E a cidade de Valença, na minha infância, era como as cidades do interior do Brasil, inclusive próxima à fronteira de Minas. Uma cidade muito simples, muito pequena. Na época talvez com menos de 5 mil habitantes. E hoje em dia é uma cidade que se desenvolveu razoavelmente. Com algumas universidades, algumas faculdades.

Na minha família, não havia nada muito específico quanto à minha profissão. Eu me interessei pela Engenharia Química porque realmente eu gostava de ciências.

Gostava particularmente de Física e isso daí me direcionou naturalmente para a Engenharia Química, porque associava a Química com a Física.

A Petrobras foi meu primeiro emprego e toda a minha carreira. Eu entrei na Petrobras em 1966, através do concurso. A Petrobras na época era uma companhia que tinha, como ainda hoje tem, prestígio muito grande. E havia aquela idéia muito nacionalista na época, aquela questão toda. Aquela discussão em torno do petróleo, que acabou gerando a Petrobras. Eu ainda fui bastante influenciado por aqueles papos políticos da época.

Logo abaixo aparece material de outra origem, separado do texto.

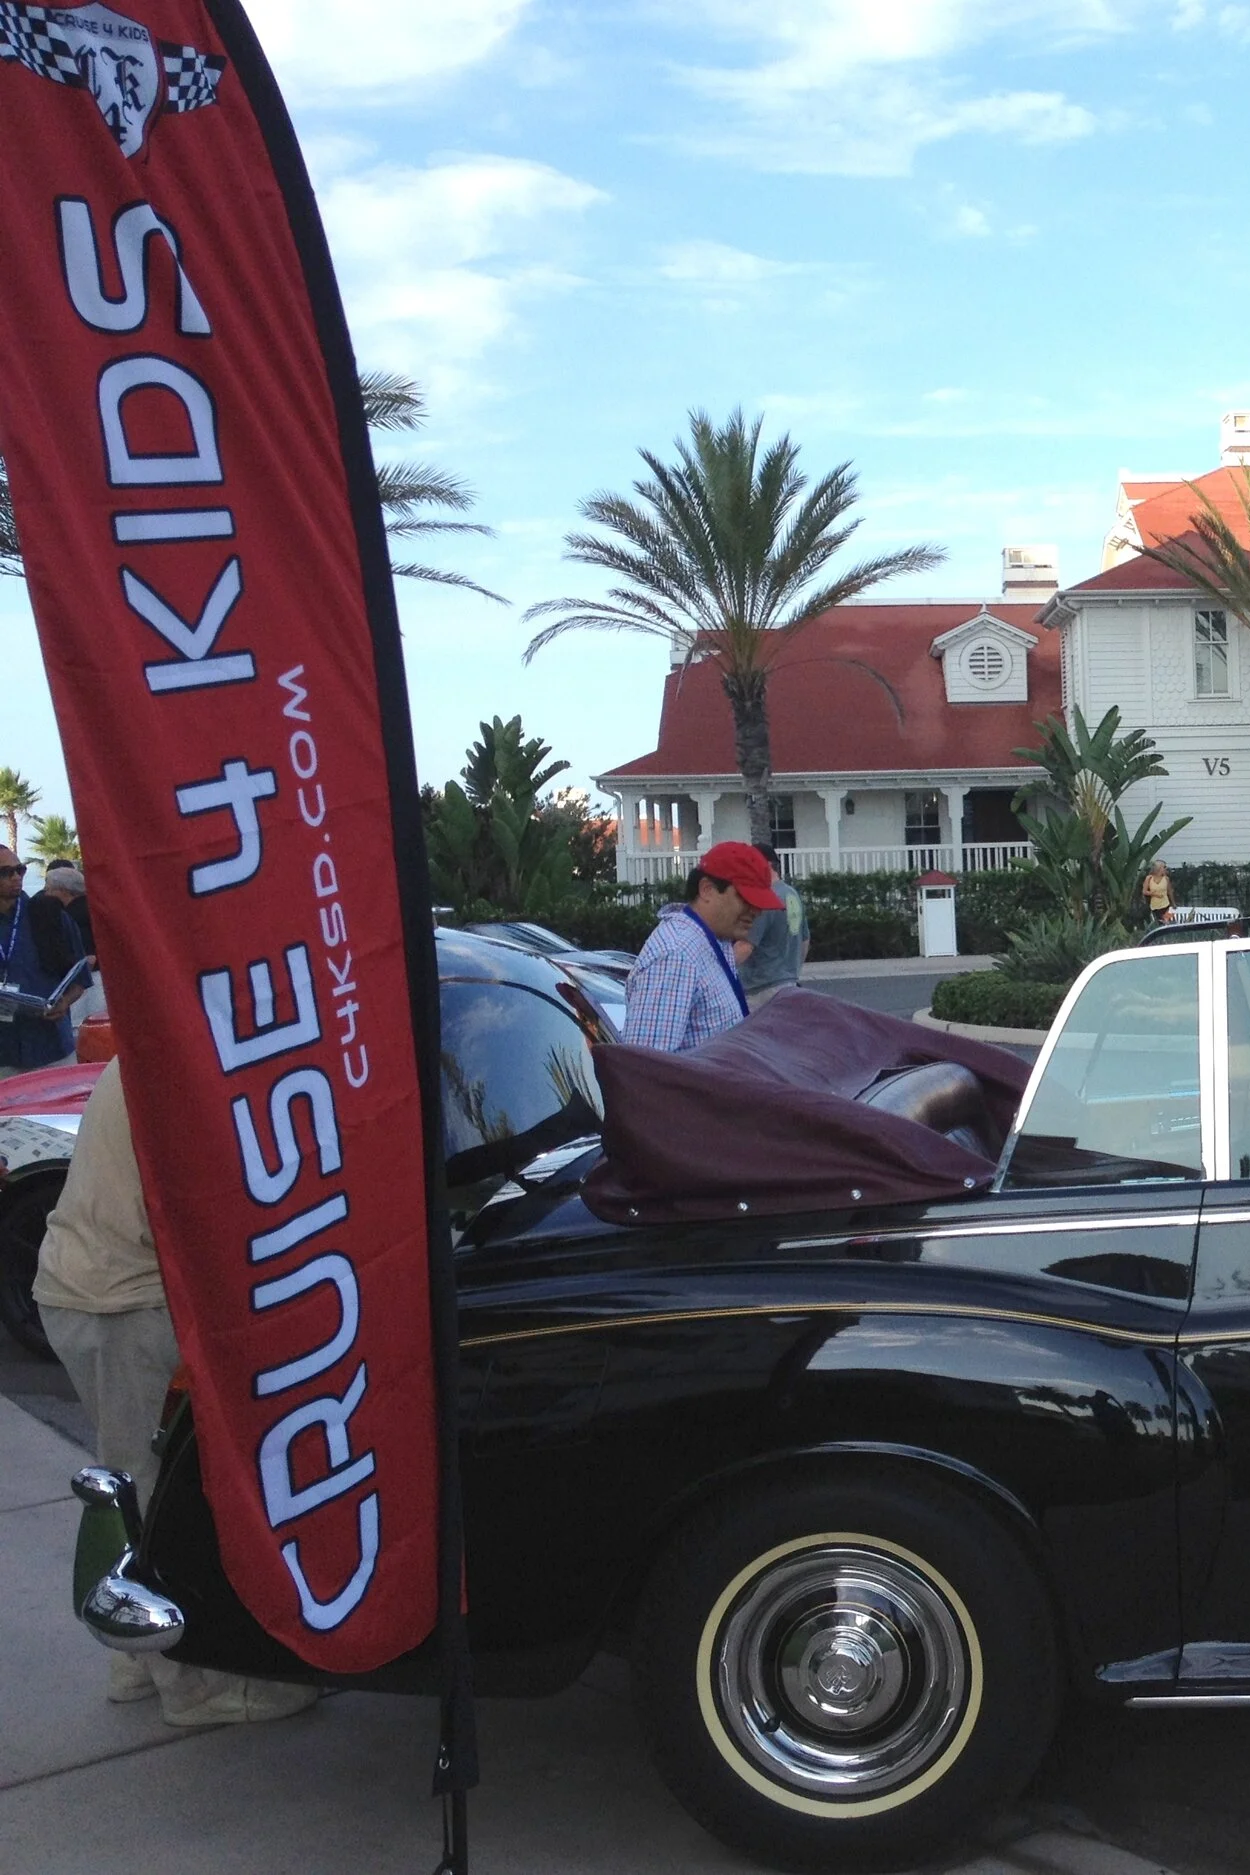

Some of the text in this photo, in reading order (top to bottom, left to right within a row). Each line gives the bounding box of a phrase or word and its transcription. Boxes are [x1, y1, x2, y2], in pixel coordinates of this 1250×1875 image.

Eu entrei para a companhia bastante orgulhoso. Não só vendo a questão profissional, mas sentindo um orgulho muito grande. Sinto até hoje.

Eu fiz o curso de Engenharia de Processamento de Petróleo, especialização nessa área, e fui trabalhar como Engenheiro de Processamento na Refinaria Duque de Caxias, aqui no Rio de Janeiro. Fiquei lá durante dez anos e depois passei ao Cenpe - o Centro de Pesquisas da companhia, onde me encontro até hoje.

Na Refinaria Duque de Caxias, eu trabalhava em uma área de acompanhamento de processo - hoje em dia tem o nome de otimização do processo. Depois, quando eu passei ao Cenpe, eu fazia muitos projetos na refinaria. Era uma fase de muito crescimento, muitas ampliações. Então, eu trabalhava fundamentalmente em projetos de novas...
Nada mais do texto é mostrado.